O aumento sempre crescente do número de alunos matriculados no Externato tornou impossível o ensino somente pelos membros da Congregação. Foi necessária a admissão de professores suplementares, cuja escolha, a princípio, era feita pelo Diretor e submetida à aprovação da Congregação. Mais tarde, a designação daqueles professores passou a ser da competência exclusiva do Diretor. Em face do decreto 1.555 de 7 de abril de 1937, o Governo determinou que a admissão dos professores suplementares fosse feita mediante concurso de títulos e documentos, expedindo o Ministério da Educação”. Os professores assim contratados, pela primeira vez, em 1937, ficaram obrigados a dar pelo menos 12 horas de aulas semanais.
Mesmo que para uma minoria, se tornar professor suplementar do Colégio era um caminho para os que almejavam chegar às categorias mais elevadas hierarquicamente, docente livre e catedrático, respectivamente. Mostramos que muitos professores suplementares faziam parte de clãs familiares no interior do Colégio.

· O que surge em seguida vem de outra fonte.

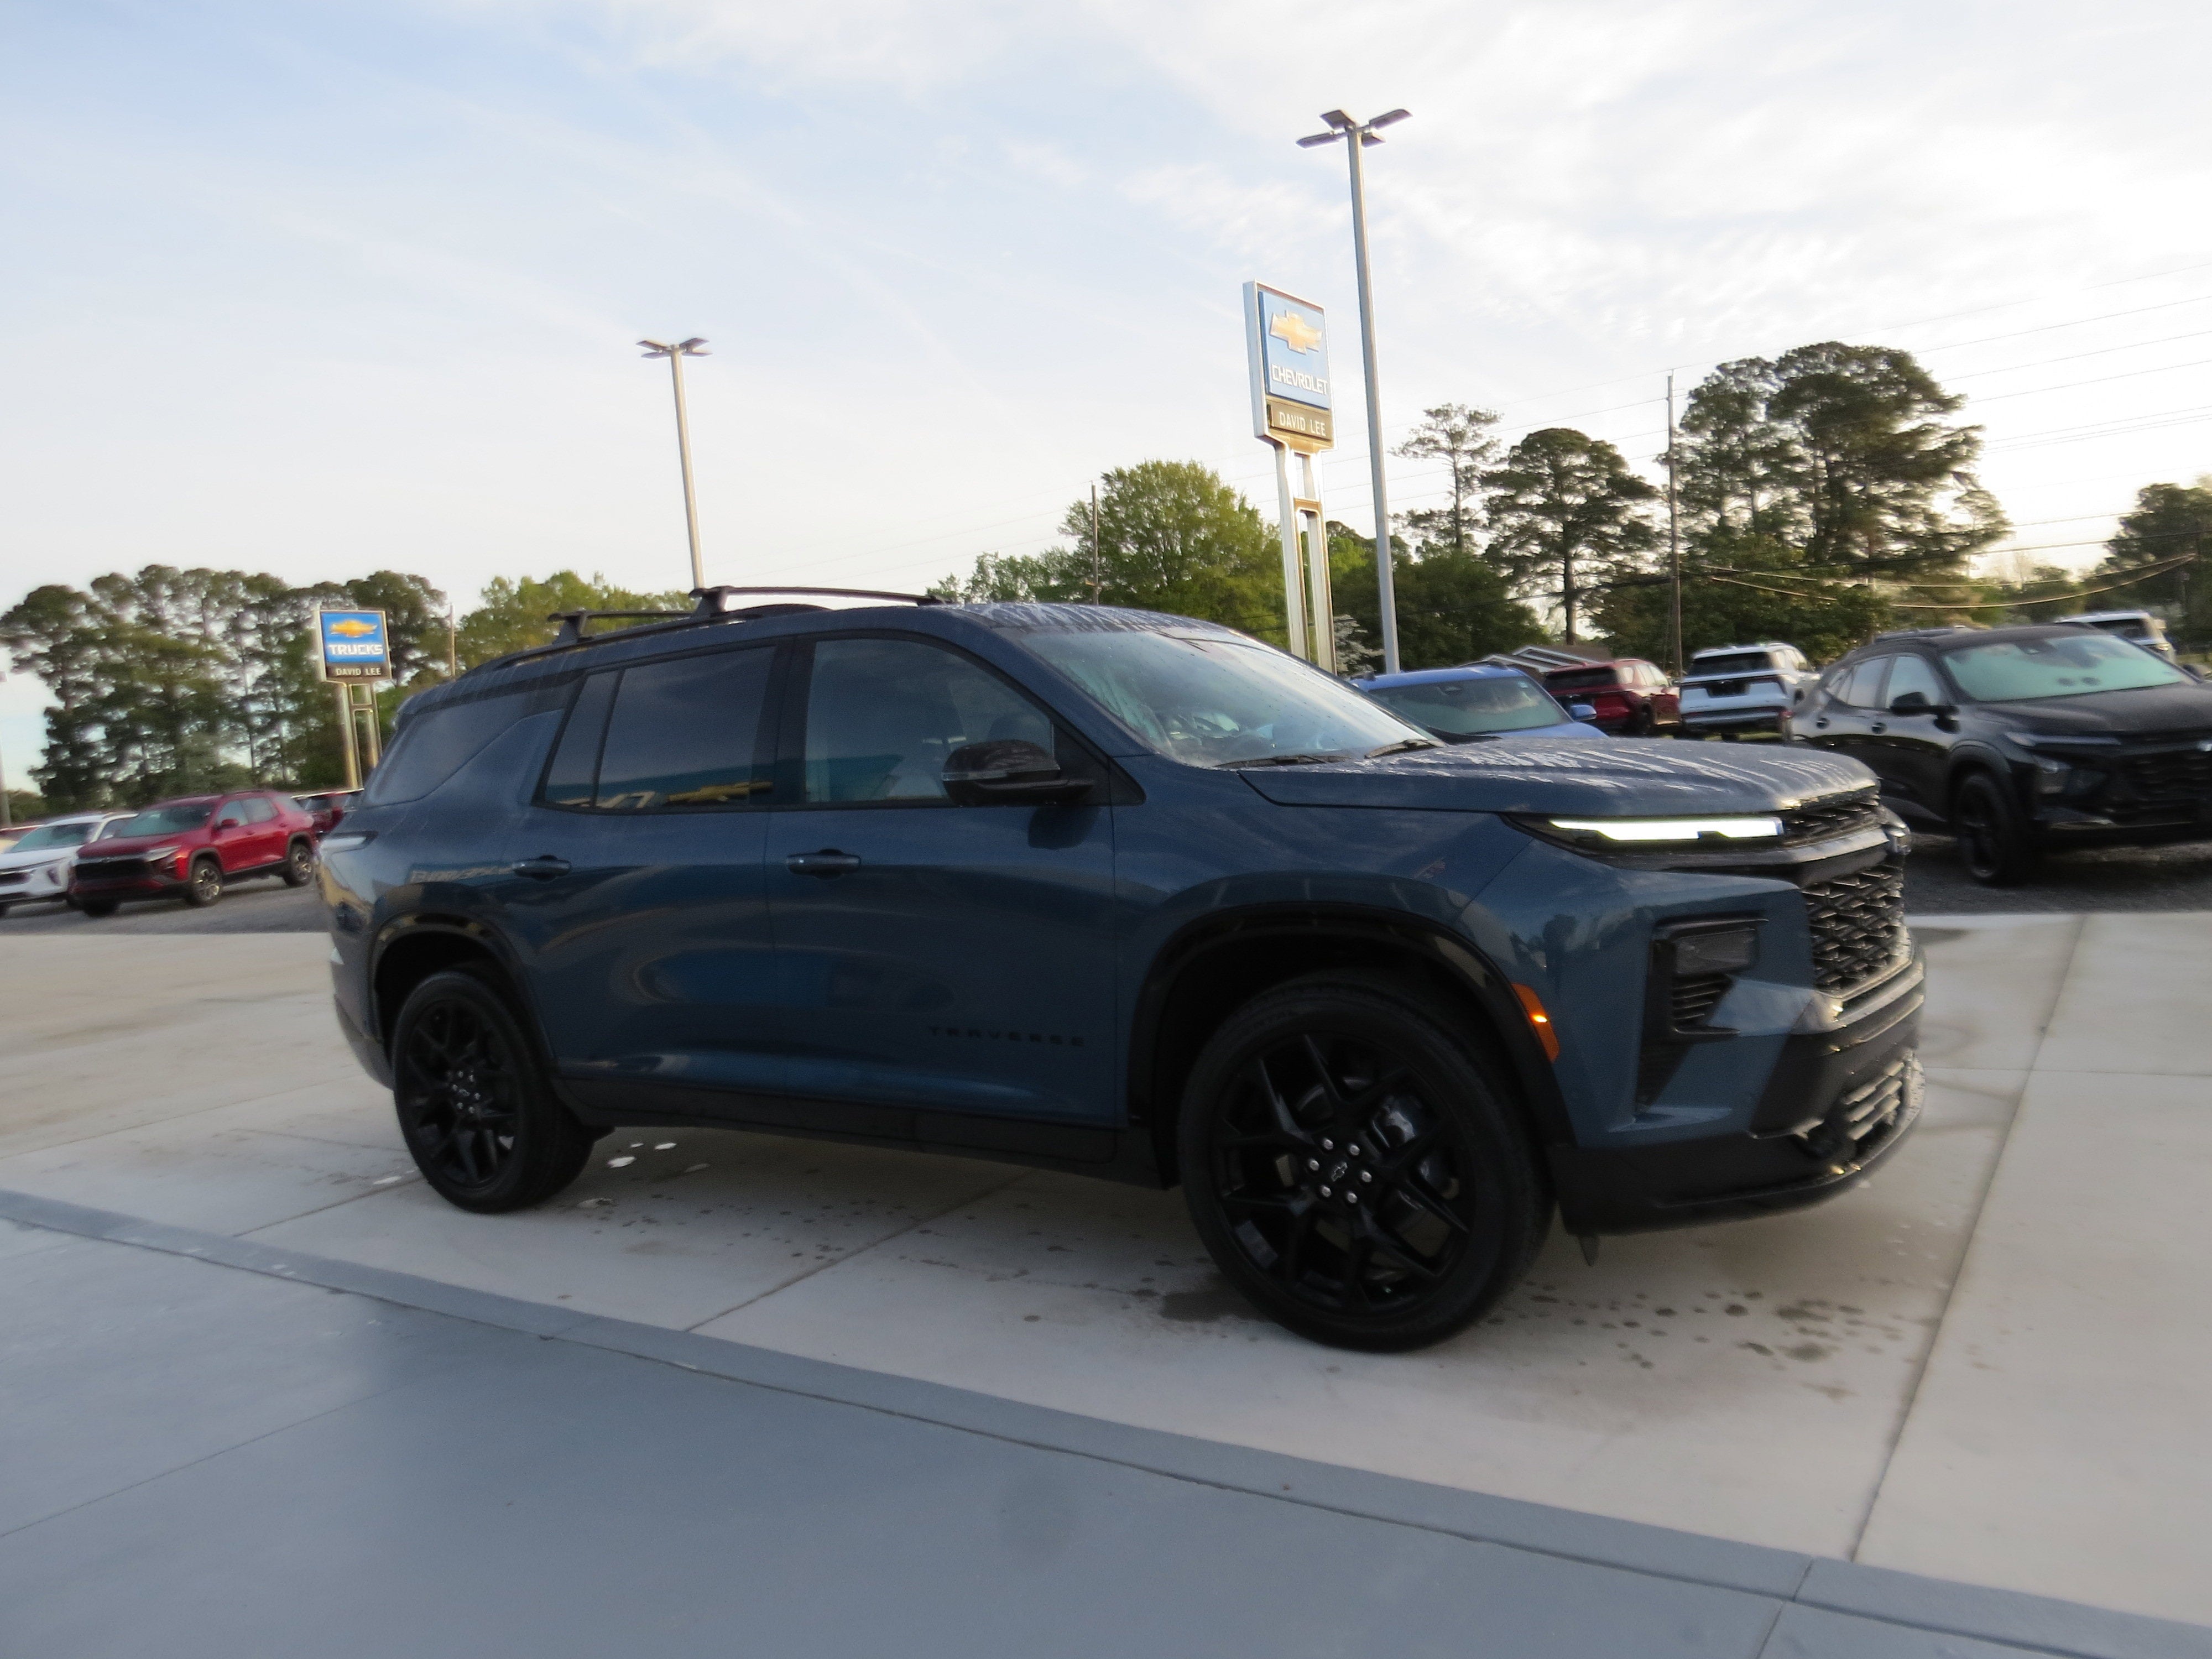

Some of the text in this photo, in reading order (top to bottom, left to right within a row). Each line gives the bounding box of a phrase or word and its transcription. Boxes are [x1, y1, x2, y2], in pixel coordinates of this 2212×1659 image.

O recorte temporal adotado no artigo é considerado por Nagle (1974) e Silva (1969) como um período de consolidação da institucionalização do ensino secundário no Brasil. Entendemos, portanto, que por atuarem nesse período, os professores suplementares, que assumiram grande parte das aulas, contratados em condições precárias e que ocupavam o lugar mais baixo na hierarquia profissional docente do Colégio, também contribuíram para esse processo. Nesse sentido, investigar os esforços por eles empreendidos pode se configurar em contribuição relevante para a História da Educação, em especial, para a História da Profissão Docente.